Don’t let the chicken bite Jayden! Don’t let Jayden wander off into the pigsty! has caused a sudden sweep on social media during the festive season.
After a short video went viral by TikTok user @katsandtimo venting out on “Kampala people” who flock to the village during the festive season.
He particularly warns them about controlling the behavior of one Jayden, a spoiled Kampala boy visiting the village for Christmas.
“’Don’t come here and create rules like, ‘Don’t let the chicken bite Jayden,” he said, “and don’t let Jayden wander off into the pigsty.”

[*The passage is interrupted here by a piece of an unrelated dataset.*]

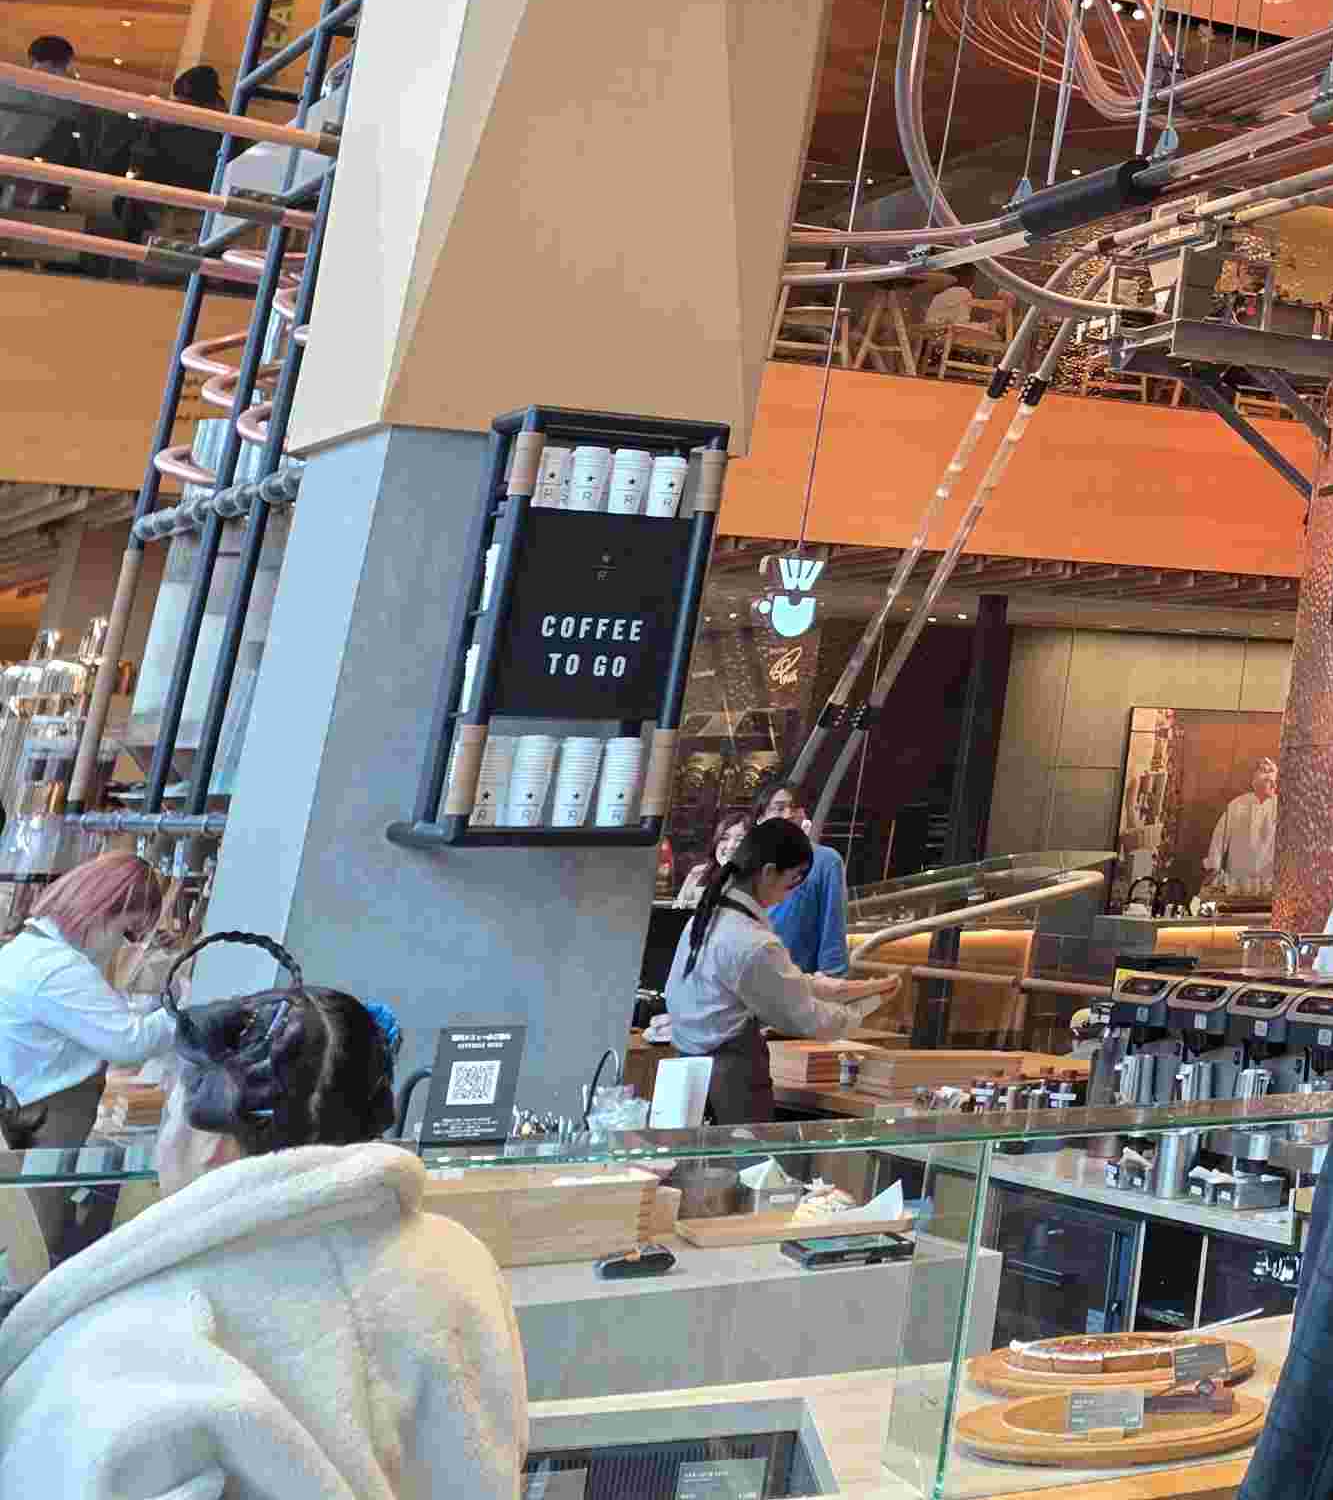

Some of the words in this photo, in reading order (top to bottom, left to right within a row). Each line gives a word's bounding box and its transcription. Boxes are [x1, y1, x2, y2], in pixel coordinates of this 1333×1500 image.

[541, 614, 644, 642] COFFEE
[548, 652, 581, 677] TO
[592, 654, 627, 678] GO

He concludes by expressing dissatisfaction for the annual visitors’ children, who he says are not well behaved and should not attempt to return to the city having finished all the foodstuffs they carry along.
His opinion was quickly followed by TikTok users sharing videos ridiculing exotic children in rural areas finding themselves overwhelmed with village life during the festive season.
Relatedly, the idea of ‘Jayden’ could be perceived as a metaphor for the children of a certain demography—the middle class.
Individuals that are usually graduates from lower middle-class or poor backgrounds that are deliberately trying to shield that past.
These tend to want to look cool and dedicate a lot of their resources to manipulating a vague impression of the urban good life.
In an attempt to seem insufferable to the pressures of the ‘old and backward’ life, these individuals throw away names like Mary Goretti and John Peter, among others, and christen their children modern names like Princess, Cairo, Kai, and ‘Jayden.’
This sharply contrasts the ‘usual normal’; these children look exotic, having spent most of their lives in urban areas and speaking only English.
A vivid explanation as to why the young man in that video warns “Jayden’s parents” against bringing their wiseacre behavior to the rural areas and risking exerting their superiority over their relatives back in the countryside.
It is intriguing to think that small aspects like these, children’s names, can be the litmus for social classes in Uganda today, as the population at large incorporated “Jayden” into memes about the universal behavior of elites’ children in urban and suburban Uganda.